Being that we are dealing with characters whose defining ability is to stick to surfaces and maneuver them we get some fun playing with that shifting of perspective. The camera doesn’t stay upright like what a regular person would, it follows the Spider-Men and when they walk along a wall then the camera adjusts for them and the surroundings look as if they are shifting. It is a refreshing and fun way of conveying wall-crawling.

Along with this other Peter, there are still more Spider-Men. There is Gwen Stacey as Spider-Gwen (Hailee Steinfeld), Peni Parker (Kimiko Elizabeth Glenn) a Japanese, Anime inspired little girl that pilots a robot suit that has the soul of her father in it, Spider-Noir (Nicolas Cage) from the nineteen thirties and exists in Black & White, finally there’s Spider-Ham/Peter Porker (John Mulaney) a cartoon pig that is probably the least serious out of the gang, also my favorite.

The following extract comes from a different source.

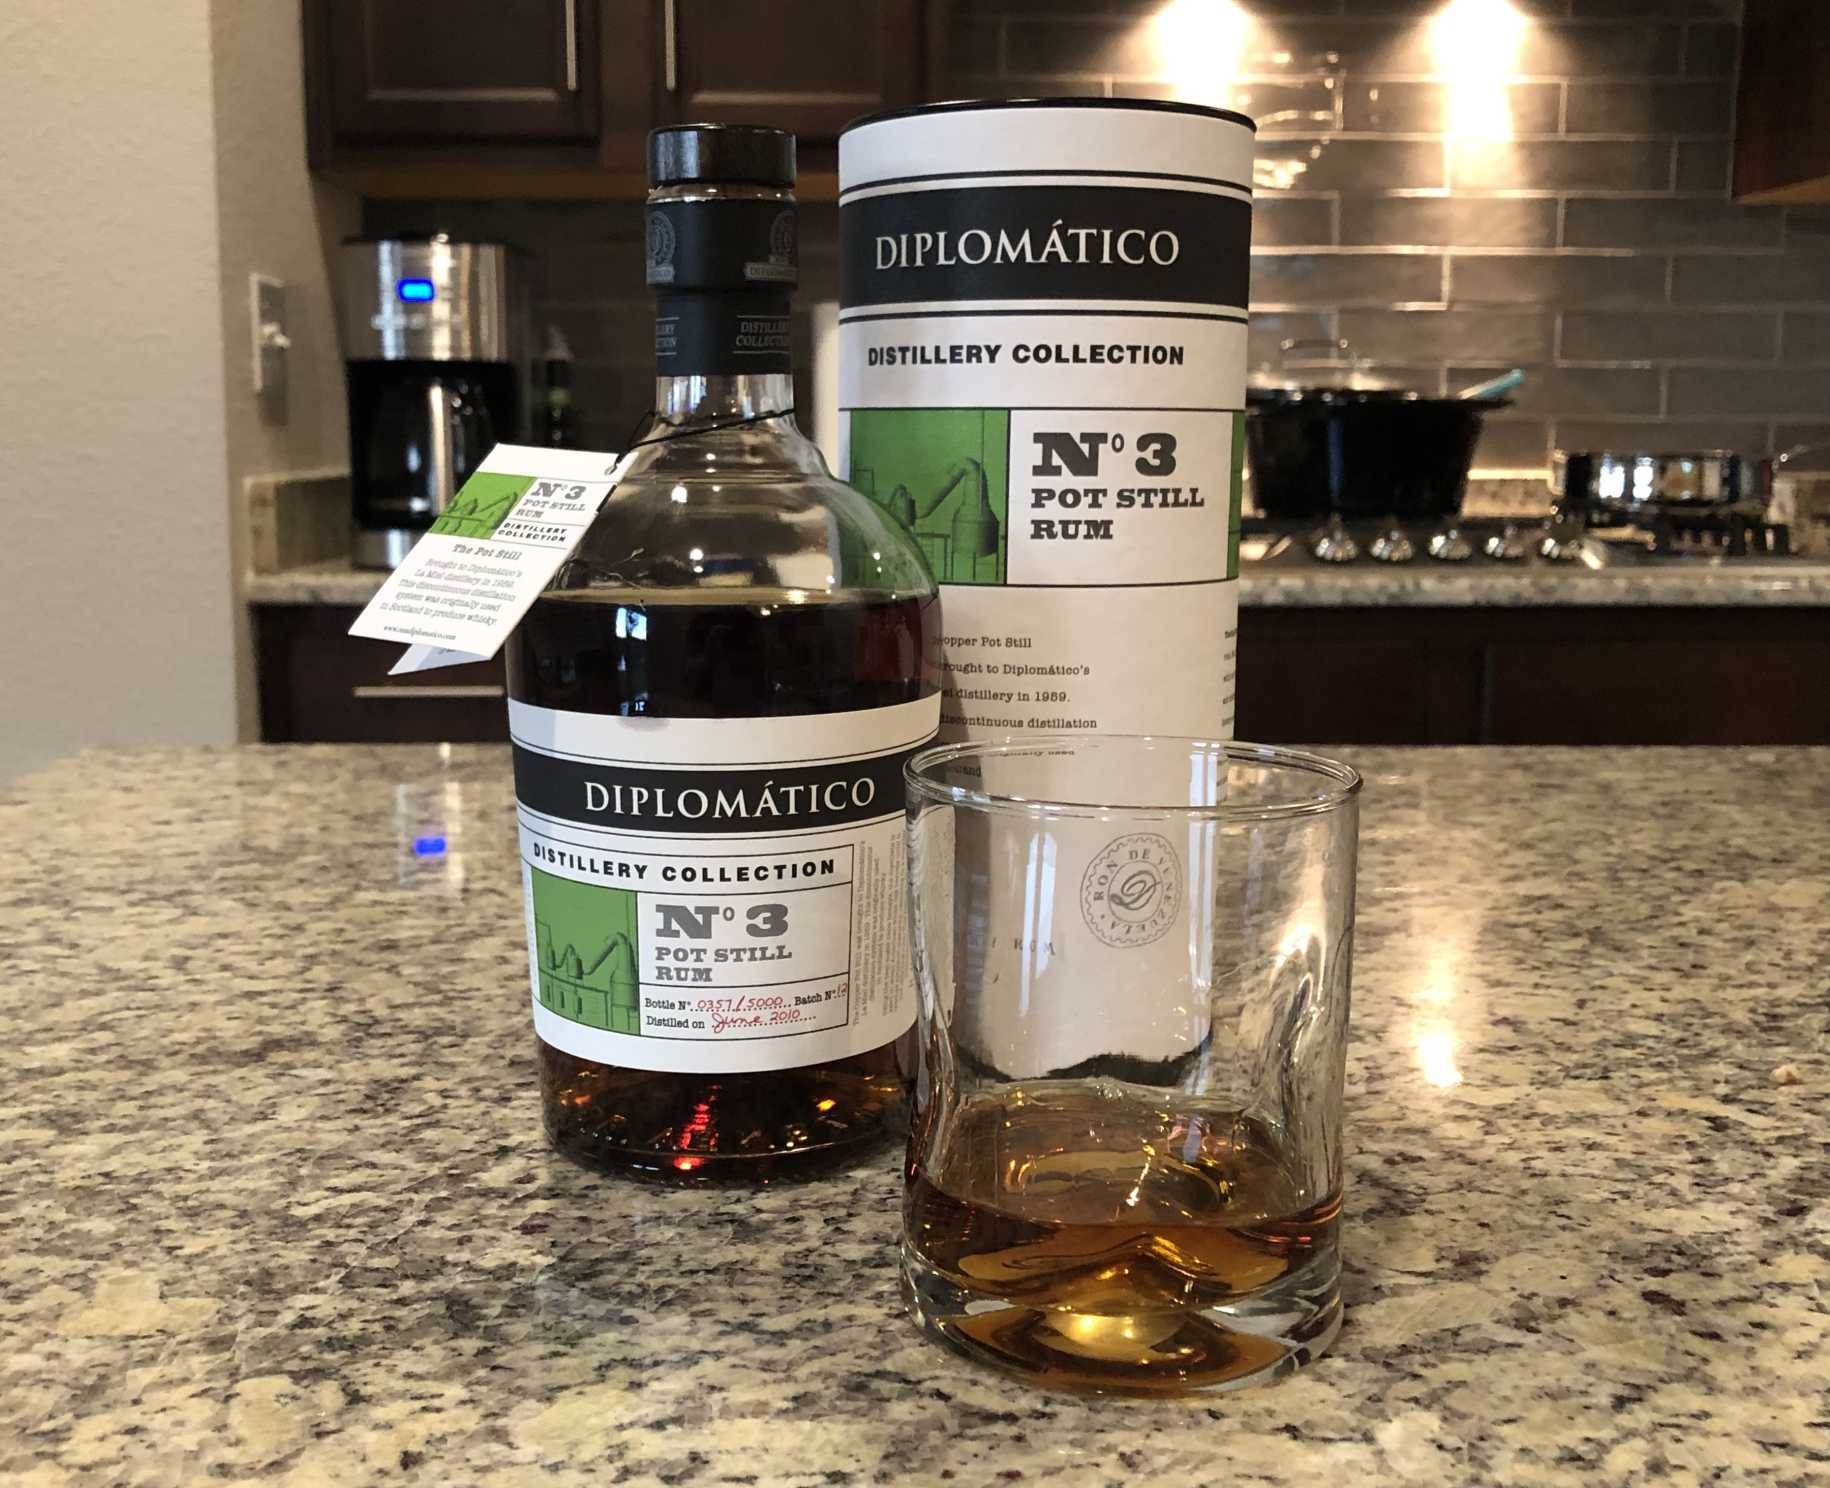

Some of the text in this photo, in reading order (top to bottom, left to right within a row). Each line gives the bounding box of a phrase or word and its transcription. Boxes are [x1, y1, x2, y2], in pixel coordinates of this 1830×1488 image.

Along with their different design they are drawn differently, have a unique style of animation from one another and each has their own characteristics. Spider-Gwen is like a graceful dancer with fluid leg movements and able to stand on the tips of her toes. Peni, typical of anime, has her expressions change within one frame and have symbols flash on her forehead, Spider-Ham moves like an old Fleisher or Looney Tunes cartoon, with a bounce in his walk, stretchable limbs and even able to hovers slightly.

You have to roll with the continuity. Don’t want an in-depth understanding of every character and their history. See there is a character named Wilson Fisk (Liev Schreiber) and understand he is the bad guy that hates Spider-Man. See someone in a crazy costume and just accept that this is Superheroes and they are everywhere. This movie moves too fast and throws too much at you for it to be smoothly explained.

Of course though with every story to really work it needs its center. There is a lot going on in this movie but it is always Miles story about how he is able to rise up to this legacy and responsibility. As well as that even beyond the fights is the interaction between all the different Spider-People and Miles family and friends. As long as you have a core and stay true to it you can layer it as much as you want.

We have been served a great amount of-of movies of the Superhero genre in the last ten years, but before that, they had already endured for over sixty years. They are able to do so because stories about good and evil are constant and they allow for fantastical imagery and ideas. As well as that each character has their core and is able to be handed to different people and adjust for their interpretation and adapt for a different time. We have seen so many different Superhero tales, from the dark grittiness of LOGAN, the mad colorful comedy of Guardians of the Galaxy to the epic scale of Avengers: Infinity War. This is a tale of a great enduring character and the genre itself and why they will endure forever.